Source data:
Content starts

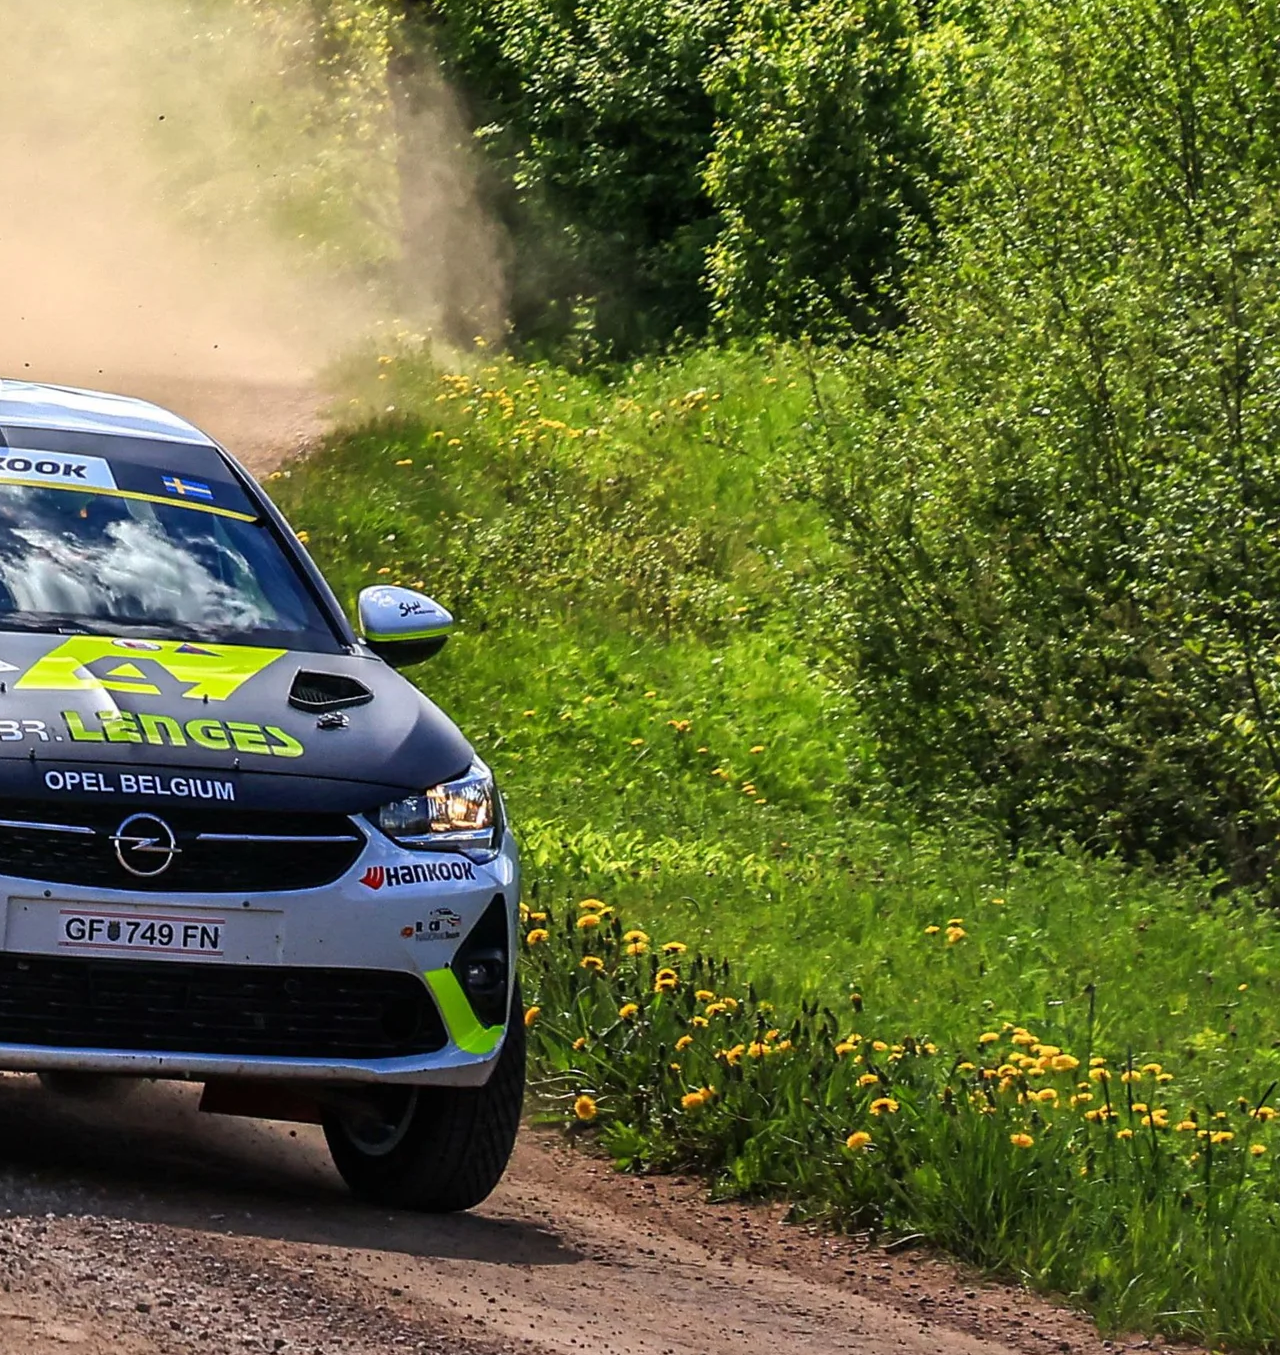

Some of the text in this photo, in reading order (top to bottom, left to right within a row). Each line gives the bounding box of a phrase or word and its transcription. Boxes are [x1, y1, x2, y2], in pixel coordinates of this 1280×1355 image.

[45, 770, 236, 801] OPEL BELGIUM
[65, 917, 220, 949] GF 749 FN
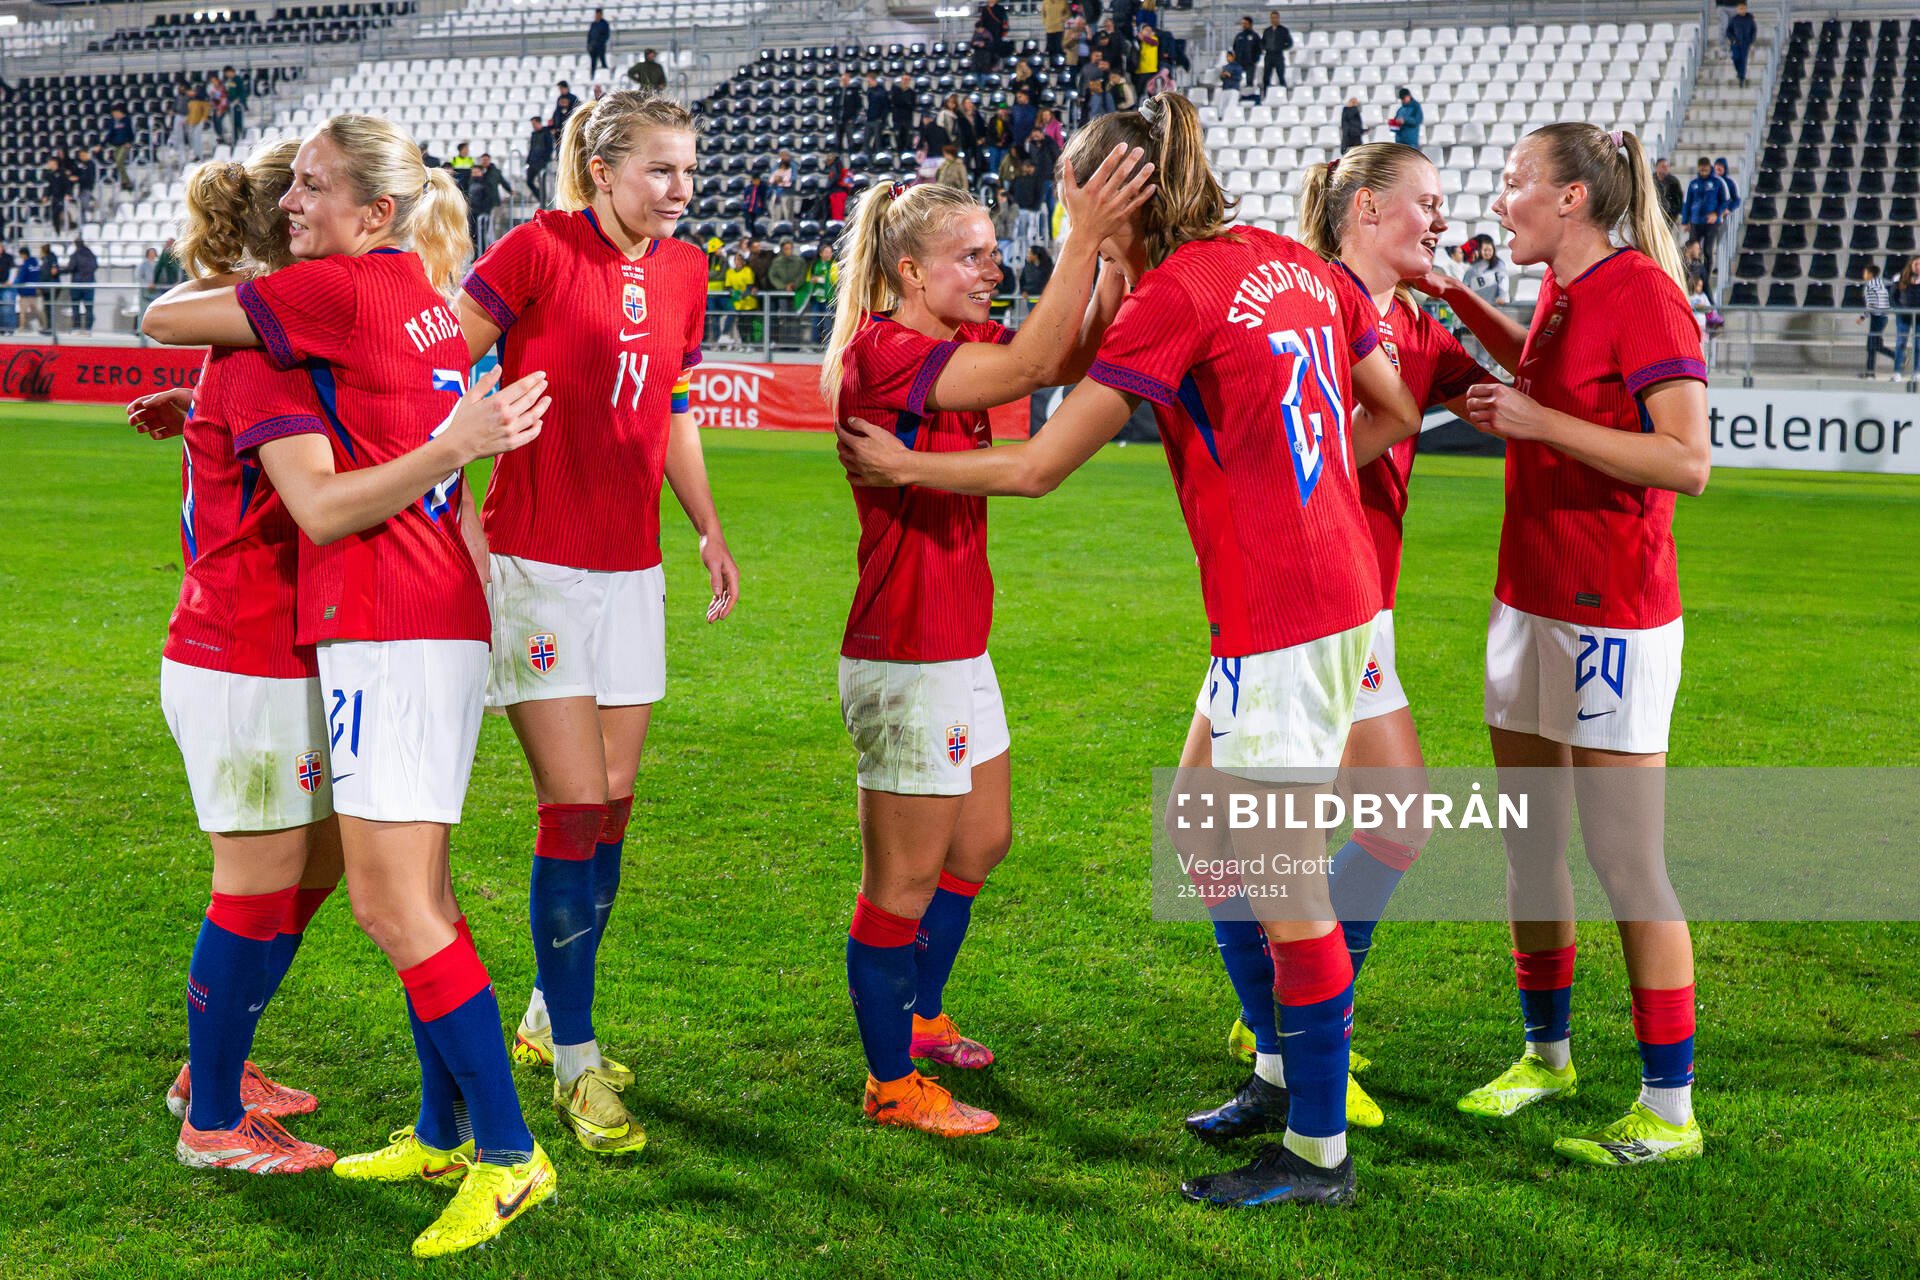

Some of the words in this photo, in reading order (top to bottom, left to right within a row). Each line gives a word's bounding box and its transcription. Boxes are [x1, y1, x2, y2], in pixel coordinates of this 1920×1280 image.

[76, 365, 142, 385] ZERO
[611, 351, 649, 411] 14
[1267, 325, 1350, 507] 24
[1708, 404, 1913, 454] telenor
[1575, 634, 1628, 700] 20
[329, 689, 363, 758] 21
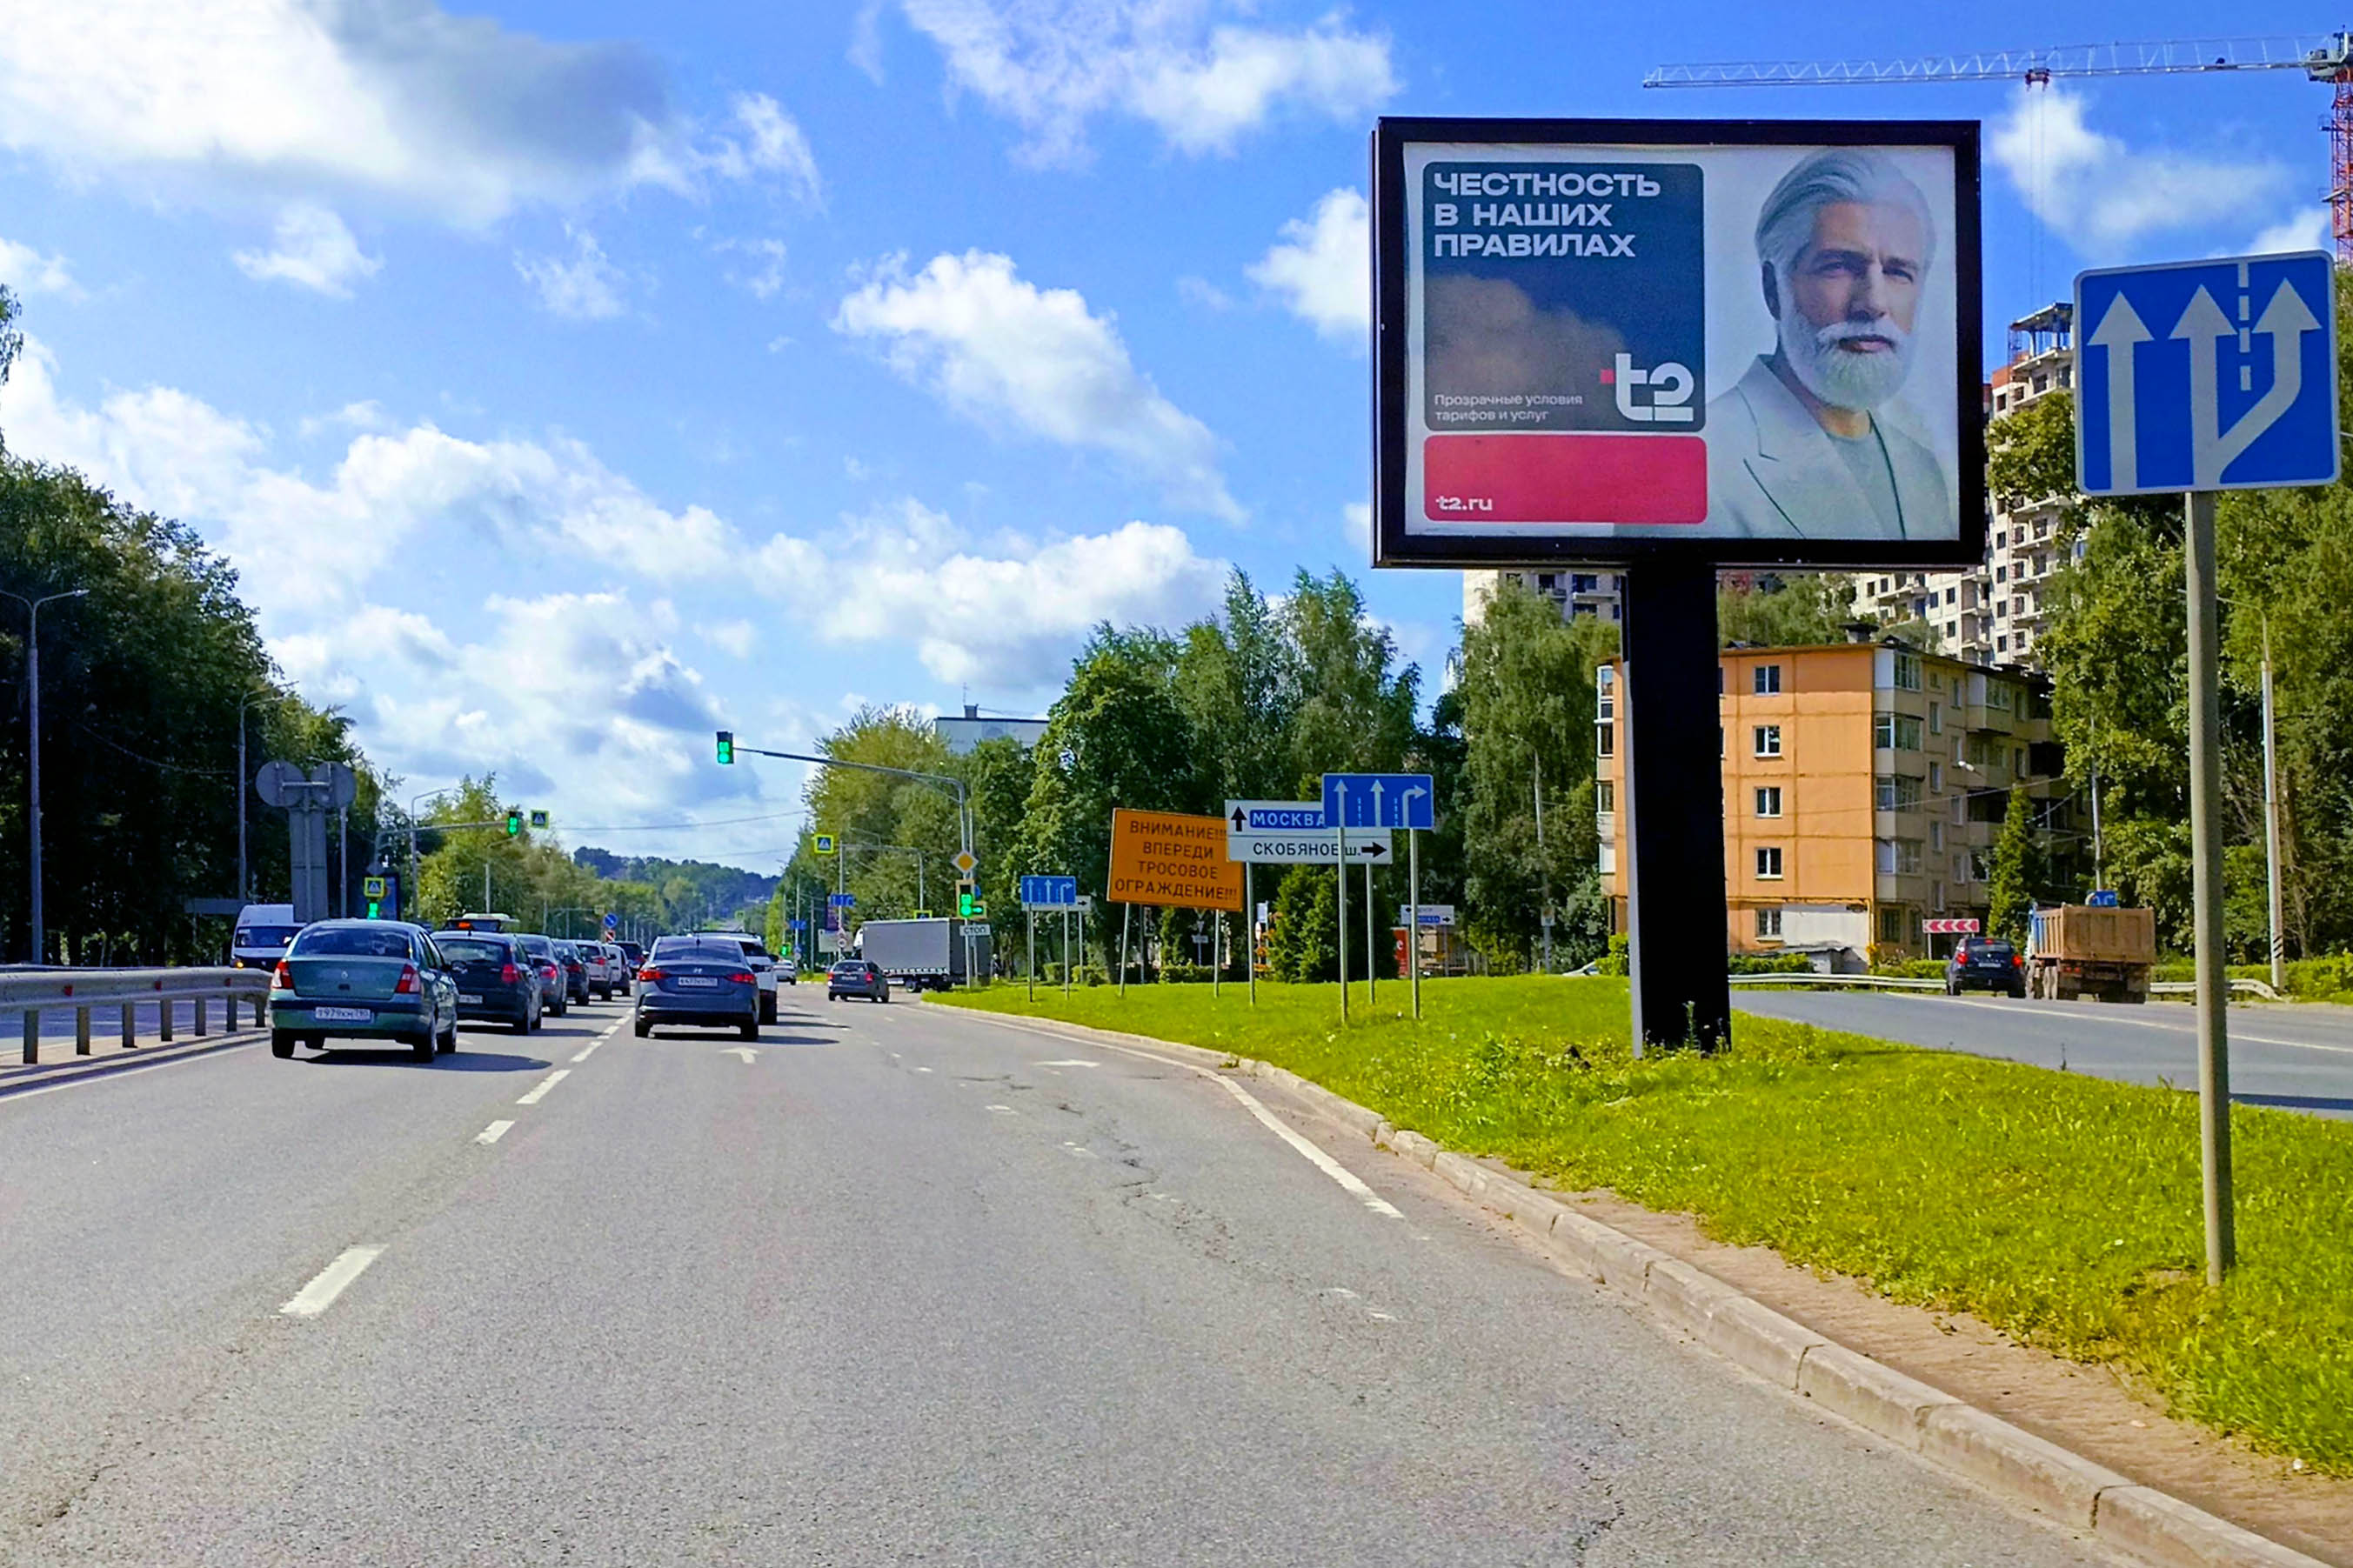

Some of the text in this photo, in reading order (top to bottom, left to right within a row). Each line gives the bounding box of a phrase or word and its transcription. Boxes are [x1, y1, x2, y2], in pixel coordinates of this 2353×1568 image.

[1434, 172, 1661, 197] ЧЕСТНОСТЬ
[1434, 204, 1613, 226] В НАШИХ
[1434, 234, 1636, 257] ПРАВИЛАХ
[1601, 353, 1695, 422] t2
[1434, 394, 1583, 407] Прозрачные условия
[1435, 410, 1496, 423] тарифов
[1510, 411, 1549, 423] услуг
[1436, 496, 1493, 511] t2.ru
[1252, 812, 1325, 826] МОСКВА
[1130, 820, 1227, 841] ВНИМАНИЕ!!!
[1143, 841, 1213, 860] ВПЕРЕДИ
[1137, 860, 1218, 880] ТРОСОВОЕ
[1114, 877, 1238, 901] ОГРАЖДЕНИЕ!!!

Content ends

ABOUT THIS TASK
Each line above is to be transcribed exactly, though its pictures are not.

THE ANSWER
Some of the text in this photo, in reading order (top to bottom, left to right within a row). Each line gives the bounding box of a phrase or word and its transcription. Boxes are [x1, y1, x2, y2], in pixel coordinates of this 1280×1355 image.

[45, 770, 236, 801] OPEL BELGIUM
[65, 917, 220, 949] GF 749 FN

Some of the words in this photo, in reading order (top to bottom, left to right within a row). Each line gives a word's bounding box and its transcription. Boxes are [x1, y1, x2, y2], in pixel coordinates of this 1920×1280 image.

[76, 365, 142, 385] ZERO
[611, 351, 649, 411] 14
[1267, 325, 1350, 507] 24
[1708, 404, 1913, 454] telenor
[1575, 634, 1628, 700] 20
[329, 689, 363, 758] 21

Some of the text in this photo, in reading order (top to bottom, left to right within a row). Each line gives the bounding box of a phrase or word and its transcription. Boxes are [x1, y1, x2, y2], in pixel coordinates of this 2353×1568 image.

[1434, 172, 1661, 197] ЧЕСТНОСТЬ
[1434, 204, 1613, 226] В НАШИХ
[1434, 234, 1636, 257] ПРАВИЛАХ
[1601, 353, 1695, 422] t2
[1434, 394, 1583, 407] Прозрачные условия
[1435, 410, 1496, 423] тарифов
[1510, 411, 1549, 423] услуг
[1436, 496, 1493, 511] t2.ru
[1252, 812, 1325, 826] МОСКВА
[1130, 820, 1227, 841] ВНИМАНИЕ!!!
[1143, 841, 1213, 860] ВПЕРЕДИ
[1137, 860, 1218, 880] ТРОСОВОЕ
[1114, 877, 1238, 901] ОГРАЖДЕНИЕ!!!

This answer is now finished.